Second, the inhibition of the more literal and less associative left hemisphere through similar means could also produce good results. In fact, EEG studies of people solving CRA problems with insight have shown an increase in gamma activity (possibly indicative of conceptual binding activity) in the right but not the left hemisphere just prior to solution.
Finally, the application of noise to the brain, either non-invasively, through TMS, or eventually through direct stimulation may encourage it to be more “playful” and to escape its normal ruts.
In the not too distant future, we may not have to rely on nature to produce the one-in-a-million combination [of a high IQ and creative insight], and be able to produce it at will on many if not all neural substrates.
h+: What are some of the issues (legal, societal, ethical) that you anticipate for such technology?
BK: My own opinion is that — except in the case of minors — we must let an informed public make their own choices. Any government-mandated set of rules will be imperfect, and in any case will deviate from the needs and desires of its individual citizens.
What we in the neuroengineering community should be pushing for is a comprehensive freedom of thought initiative, ideally enshrined as a constitutional amendment rather than as a set of clumsy laws. And we should be doing so sooner rather than later, before individual technologies come online, and before we allow the “tyranny of the majority” to control a right that ought to trump all other rights.
h+: What is your vision for the future of cognitive enhancement and neurotechnology in the next 20 years?

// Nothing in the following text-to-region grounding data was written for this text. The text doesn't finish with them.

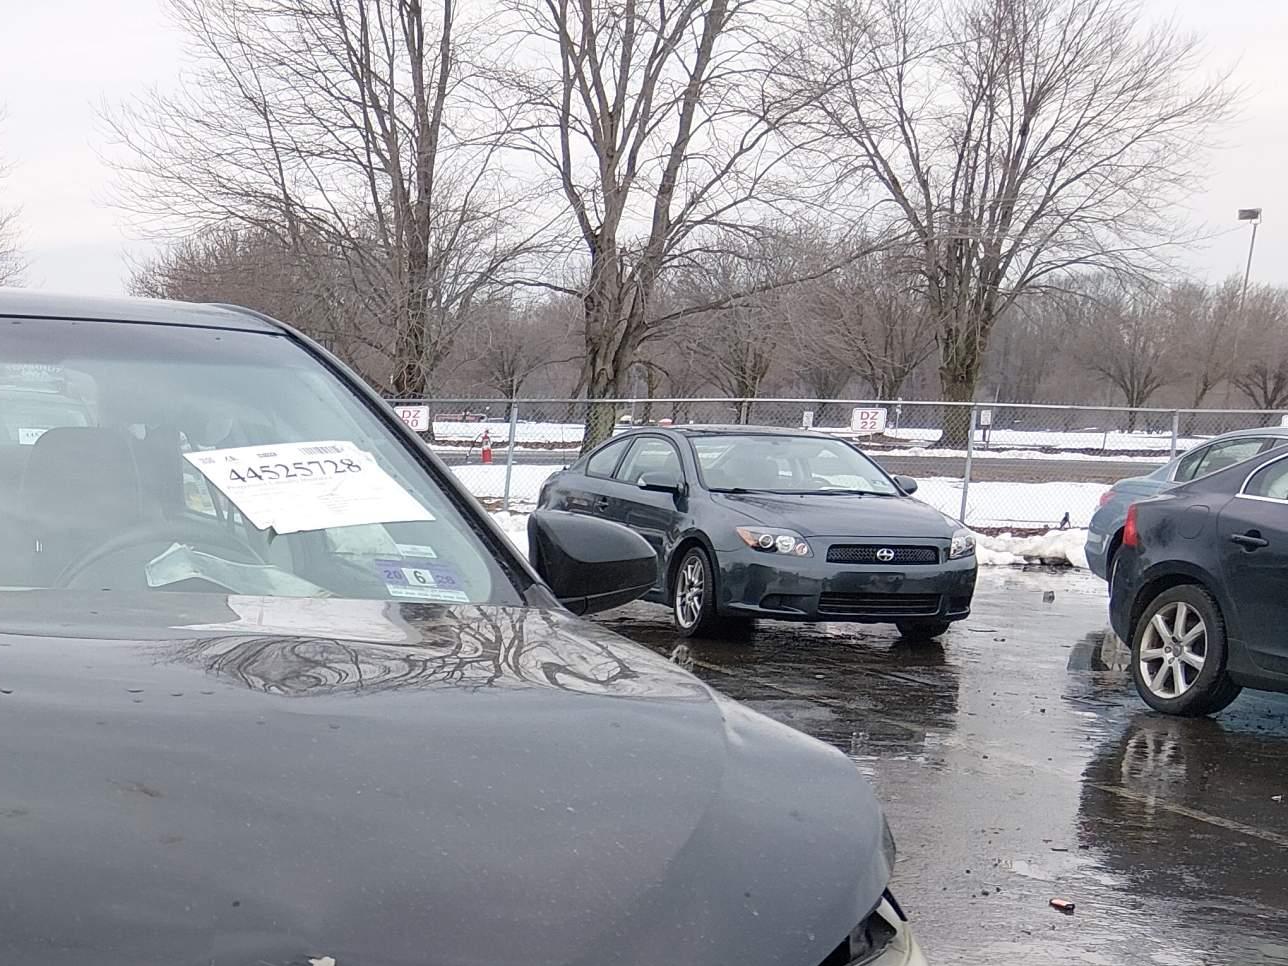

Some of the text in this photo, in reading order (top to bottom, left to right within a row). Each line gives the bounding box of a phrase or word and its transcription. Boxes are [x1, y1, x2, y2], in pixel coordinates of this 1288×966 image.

[402, 409, 421, 419] DZ
[860, 411, 879, 421] DZ
[860, 421, 877, 430] 22
[228, 458, 362, 483] 44525728
[383, 569, 402, 580] 20
[413, 570, 426, 584] 6
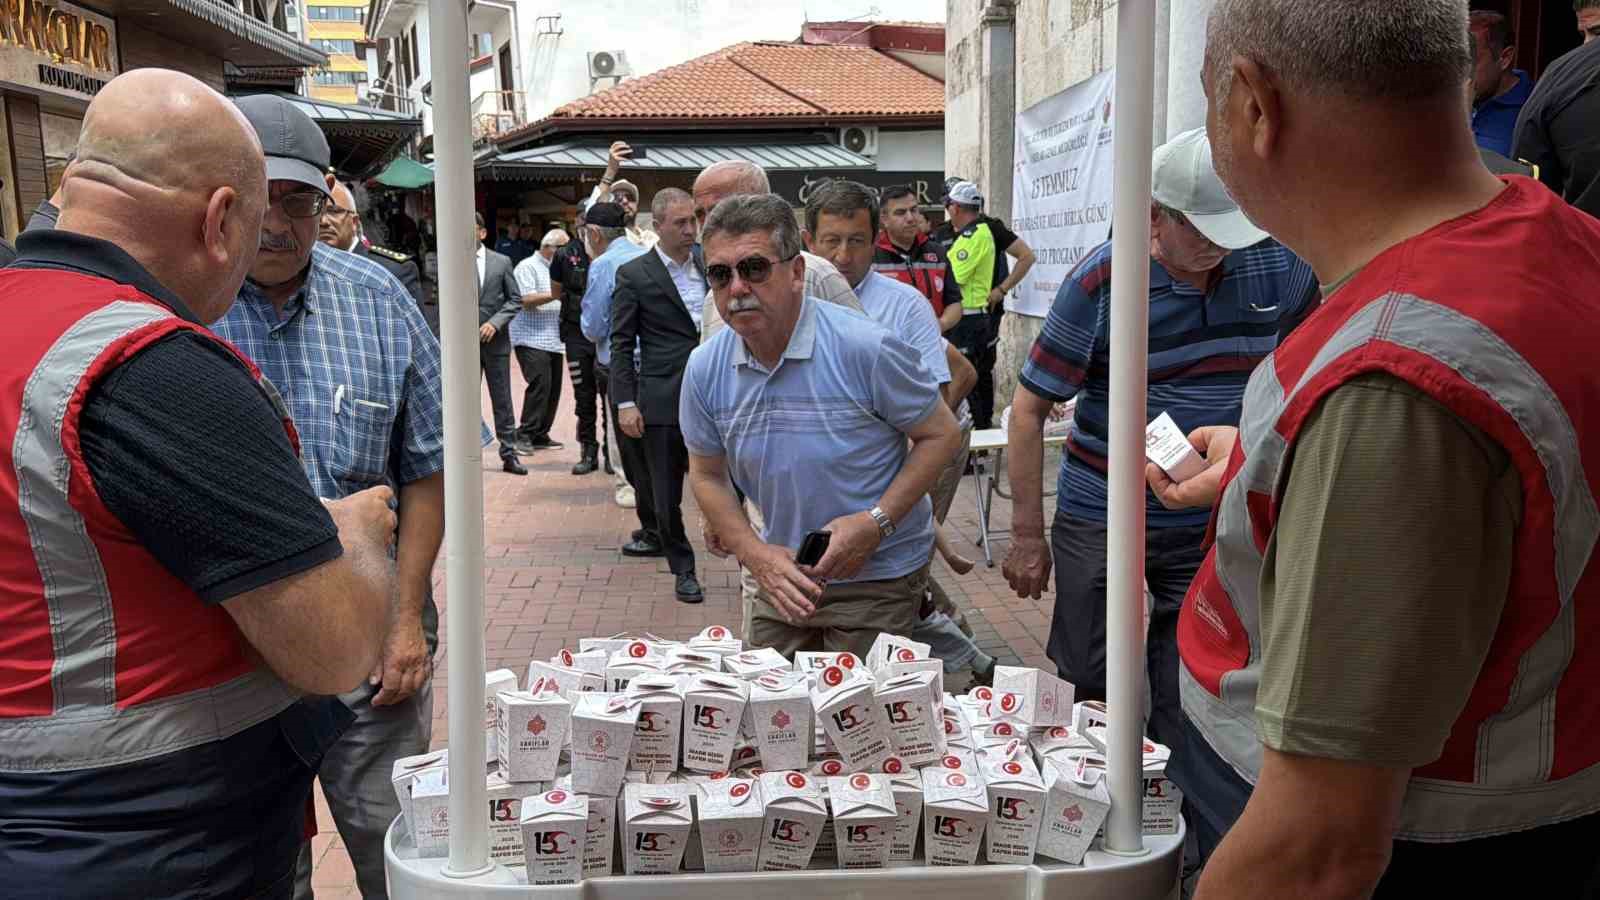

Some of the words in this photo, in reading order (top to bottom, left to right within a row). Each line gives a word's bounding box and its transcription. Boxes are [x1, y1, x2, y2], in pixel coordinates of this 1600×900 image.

[1040, 167, 1078, 197] TEMMUZ
[694, 704, 716, 727] 15
[832, 704, 860, 732] 15
[884, 701, 911, 724] 15
[489, 799, 513, 821] 15
[997, 796, 1019, 819] 15
[771, 818, 795, 841] 15
[847, 825, 869, 842] 15
[935, 815, 957, 836] 15
[535, 831, 560, 854] 15
[636, 831, 658, 851] 15

BK: Ultimately, we want to be free of the limitations of the human brain. There are just too many inherent difficulties in its kludgy design — provided by evolution — to make it worthwhile to continue along this path.
As I describe in my book, Neuroengineering the Future, these kludges include:
Short-term memory limitations (typically seven plus or minus 2 items),
Significant long-term memory limitations (the brain can only hold about as much as a PC hard disk circa 1990),
Strong limitations on processing speed (although the brain is a highly parallel system, each neuron is a very slow processor),
Bounds on rationality (we are less than fully impartial processors, sometimes significantly so),
Bounds on creativity (most people go through their entire lives without making a significant creative contribution to humanity), and perhaps most significantly...
Bounds on the number of concepts that can be entertained in consciousness at once (some estimate that the bottleneck of consciousness restricts us to one plus or minus zero items!).
Ultimately, we want to be free of the limitations of the human brain. There are just too many inherent difficulties in its kludgy design...
The alternative is to free the mind from limitations of the brain by the addition of prosthetic devices and ultimately uploading it into digital form. While it is unlikely either of these (and especially the latter) will occur in the next few decades, this remains the ultimate goal of enhancement. Both processing speed and memory will be the most immediate beneficiaries of such developments, but the truly significant gains will involve the types of processing that will be possible.
Freeing the mind from this limited, albeit remarkable, organ will allow us to manipulate thought directly, and this will produce the most gains in intelligence, creativity, and in achieving harmony with other sentient beings and the universe as a whole.